A tudo isso se deu o nome de “fazer justiça”, e aquela comunidade cresceu  e o fazendeiro prosperou ainda mais, “fazendo justiça”.

Com esse tipo de “justiça”, o sentimento de culpa no peito daquele camponês foi encolhendo, mirrando, ficou imperceptível, até que perdeu sua razão de ser e o fazendeiro deixou de se sentir culpado por ações negativas cuja responsabilidade era exclusivamente dele.

Entretanto, muito antes que o fazendeiro tivesse a ideia genial de criar um sistema judiciário, contemporâneo do sentimento de culpa, nasceu o senso de justiça.

Assim como o remorso, o senso de justiça pode ser pessoal e socialmente, anestesiado, combatido, golpeado, enterrado, mas não morre! Não é uma invenção humana, como o dinheiro e a culpa, mas um sentimento humano, uma força natural, que se acumula e registra a História toda!

Hoje, nesta sociedade composta, como sempre, apenas por pessoas imperfeitas, nós, aprisionados de nascença ao sistema capitalista, com nossos sentimentos de culpa e nossos sensos de justiça e liberdade devidamente reprimidos e deprimidos, podemos até fingir que não, mas a “prosperidade” é o que importa!

No mundo competitivo, ostentar seu nobre e regenerador sentimento de culpa é a maior das demonstrações de fraqueza e inaptidão.

Precisamos competir, e os “culpados” partem do pelotão lá de trás!

Pouco importa que nos tenhamos tornado hipócritas, mesquinhos, desumanos, injustos e antinaturais: assim é o mundo competitivo!

Quanto à correção das mazelas sociais geradas por nossas ações nefastas, já criamos uma legião de gente previamente odiada, sem voz e sem crédito, gente que não faz falta nenhuma para o fazendeiro. Gente que carregue as culpas por nós, gente a quem possamos transferir a responsabilidade por toda aquela nossa angústia de viver. Gente a quem possamos castigar sem revide. Gente que tem vida e, às vezes, até ama viver…

Mas, precisamos competir, e não “vagabundear”, para galgarmos a prosperidade, para que “nos mantenhamos na elite”, naquela elite que gosta de ver pobre competindo, a elite amiga do dinheiro, do sistema judiciário, amiga do fazendeiro e inimiga do senso de justiça!

Precisamos competir demais, para que sempre haja alguém abaixo de nós, com menos recursos e menos credibilidade, para que carreguem nossas culpas.

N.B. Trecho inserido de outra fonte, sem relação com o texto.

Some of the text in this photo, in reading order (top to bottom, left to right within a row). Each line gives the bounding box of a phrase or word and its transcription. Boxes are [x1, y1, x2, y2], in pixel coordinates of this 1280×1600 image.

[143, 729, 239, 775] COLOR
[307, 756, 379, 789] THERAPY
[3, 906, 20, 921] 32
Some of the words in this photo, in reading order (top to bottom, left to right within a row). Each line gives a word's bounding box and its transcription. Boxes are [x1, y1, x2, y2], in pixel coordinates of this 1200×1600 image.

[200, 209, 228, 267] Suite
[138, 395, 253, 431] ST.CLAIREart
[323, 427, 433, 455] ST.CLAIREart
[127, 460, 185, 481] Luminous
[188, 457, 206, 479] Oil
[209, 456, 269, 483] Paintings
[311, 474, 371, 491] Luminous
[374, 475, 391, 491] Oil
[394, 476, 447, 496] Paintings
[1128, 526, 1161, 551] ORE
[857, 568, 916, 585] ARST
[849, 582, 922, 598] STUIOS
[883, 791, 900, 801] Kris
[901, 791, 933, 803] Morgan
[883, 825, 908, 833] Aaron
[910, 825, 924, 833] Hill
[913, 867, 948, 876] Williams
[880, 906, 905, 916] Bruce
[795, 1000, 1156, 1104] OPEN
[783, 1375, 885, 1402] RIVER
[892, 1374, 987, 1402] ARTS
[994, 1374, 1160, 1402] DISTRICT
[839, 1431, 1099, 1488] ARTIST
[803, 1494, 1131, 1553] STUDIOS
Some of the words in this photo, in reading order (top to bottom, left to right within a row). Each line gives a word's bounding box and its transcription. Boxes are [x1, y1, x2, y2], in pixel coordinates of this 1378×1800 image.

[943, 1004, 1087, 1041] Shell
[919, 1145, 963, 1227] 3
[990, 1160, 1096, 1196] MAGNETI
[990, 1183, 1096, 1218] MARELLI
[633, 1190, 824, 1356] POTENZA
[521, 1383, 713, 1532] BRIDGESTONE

Pouco importa que nos tenhamos tornado uma sociedade indiferente ao sofrimento, cega à nossa covardia e insensível ao clamor do remorso.

O fazendeiro superou as adversidades e prosperou! O fazendeiro é nosso exemplo! O fazendeiro quer fazer justiça! O fazendeiro é nosso amigo! O culpado não pode ser o fazendeiro, inocente depois de tantos séculos! Vamos apontar os malditos culpados, como faz o fazendeiro!

SOMOS TODOS O FAZENDEIRO!!!

…O senso de justiça, que ainda respira, teima em questionar: Somos mesmo?

E o sentimento de culpa, imobilizado e aos prantos, responde: Não, não somos! Mas temos sido tão cruéis, covardes, ignorantes e irresponsáveis quanto ele…

Luís Fernando Praga mantém a Coluna Flexível com crônicas em prosa e verso, além de atuar como médico veterinário.